Dışardan biri yapamaz. Beyine verilen emirle olur. Bu hormonun
salgılanması bağışıklık sistemini güçlendirerek kişiyi hastalıklara
karşı korur. Kişilerin bazı seneler 'Bu sene
gripten, nezleden hiç kurtulamadım' ya da 'Çok hasta oldum' gibi
şikayetlerini duyarız. Bir başka sene ise 'Bu yıla hasta olmadan
atlattım' derler. Sürekli hasta olunan zamana bakıldığında bunun
temelinde bilinç altında çözemediğimiz bir problem, stres vardır.
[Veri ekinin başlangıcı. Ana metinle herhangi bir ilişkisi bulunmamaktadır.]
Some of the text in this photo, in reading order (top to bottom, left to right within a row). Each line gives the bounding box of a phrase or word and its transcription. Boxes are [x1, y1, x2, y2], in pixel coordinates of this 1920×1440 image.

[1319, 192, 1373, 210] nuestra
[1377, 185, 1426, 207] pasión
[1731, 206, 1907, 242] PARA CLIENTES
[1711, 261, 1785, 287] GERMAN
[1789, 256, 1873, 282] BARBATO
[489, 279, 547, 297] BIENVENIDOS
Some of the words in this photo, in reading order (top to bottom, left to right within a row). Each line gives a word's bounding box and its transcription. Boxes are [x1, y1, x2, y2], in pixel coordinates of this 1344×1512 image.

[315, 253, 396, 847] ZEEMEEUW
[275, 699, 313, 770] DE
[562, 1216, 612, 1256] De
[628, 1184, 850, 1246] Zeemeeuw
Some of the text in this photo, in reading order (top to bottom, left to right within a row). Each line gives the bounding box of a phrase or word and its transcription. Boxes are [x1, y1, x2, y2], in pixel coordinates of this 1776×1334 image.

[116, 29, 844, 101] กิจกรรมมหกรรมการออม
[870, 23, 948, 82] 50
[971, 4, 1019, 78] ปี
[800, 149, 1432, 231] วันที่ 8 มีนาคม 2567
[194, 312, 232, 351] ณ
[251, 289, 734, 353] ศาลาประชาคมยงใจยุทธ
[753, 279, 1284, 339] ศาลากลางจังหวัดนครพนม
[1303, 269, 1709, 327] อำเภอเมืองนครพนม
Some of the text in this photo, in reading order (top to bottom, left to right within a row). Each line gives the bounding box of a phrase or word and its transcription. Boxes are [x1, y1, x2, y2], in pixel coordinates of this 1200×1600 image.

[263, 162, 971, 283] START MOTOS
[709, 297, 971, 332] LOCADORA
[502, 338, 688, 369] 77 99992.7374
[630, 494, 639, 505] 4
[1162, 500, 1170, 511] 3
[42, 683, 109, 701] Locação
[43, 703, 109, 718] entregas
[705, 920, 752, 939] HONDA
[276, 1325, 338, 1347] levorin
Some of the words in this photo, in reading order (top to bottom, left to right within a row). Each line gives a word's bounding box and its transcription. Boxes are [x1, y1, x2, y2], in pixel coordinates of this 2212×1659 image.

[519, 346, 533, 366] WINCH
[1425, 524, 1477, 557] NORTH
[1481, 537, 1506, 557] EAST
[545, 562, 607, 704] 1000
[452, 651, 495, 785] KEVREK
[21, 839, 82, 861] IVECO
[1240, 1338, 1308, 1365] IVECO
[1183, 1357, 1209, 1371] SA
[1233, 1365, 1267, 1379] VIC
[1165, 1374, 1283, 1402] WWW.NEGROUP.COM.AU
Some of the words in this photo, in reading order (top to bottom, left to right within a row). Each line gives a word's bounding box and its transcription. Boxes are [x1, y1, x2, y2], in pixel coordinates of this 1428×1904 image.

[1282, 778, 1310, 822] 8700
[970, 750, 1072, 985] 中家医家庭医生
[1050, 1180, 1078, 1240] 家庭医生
Hasta olmadığımız döneme bakarsak stresten, sorunlardan uzak bir
dönem geçirildiği görülür.
İLAÇ YÜZDE 20 İNSAN YÜZDE 80 ETKİLİ
Yine örnek verirsek iki kişi sarılık oluyor. Bu iki kişinin sarılık
virüsünü aldıktan sonra bir tanesinde riskli Hepatit ortaya
çıkıyor, diğeri ise taşıyıcı oluyor. Çünkü vücut onla mücadele
ediyor. Beyinsel olarak bu hormonlarla birlikte mücadele ettiği
zaman o virüsler vücutta yer bulamıyor. Kanserde de böyle. Bir
fizyolog olarak iddia ediyorum ki bütün hastalıklarda kanser dahil
hastalığın iyileşmesinde doktor ve ilacın etkisi yüzde 20
etkilidir. Yüzde 80'inde ise insanın kendisi etkilidir. Tabiki bu
yanlış anlaşılmasın. Medikal cerrahi, tedaviler çok önemlidir.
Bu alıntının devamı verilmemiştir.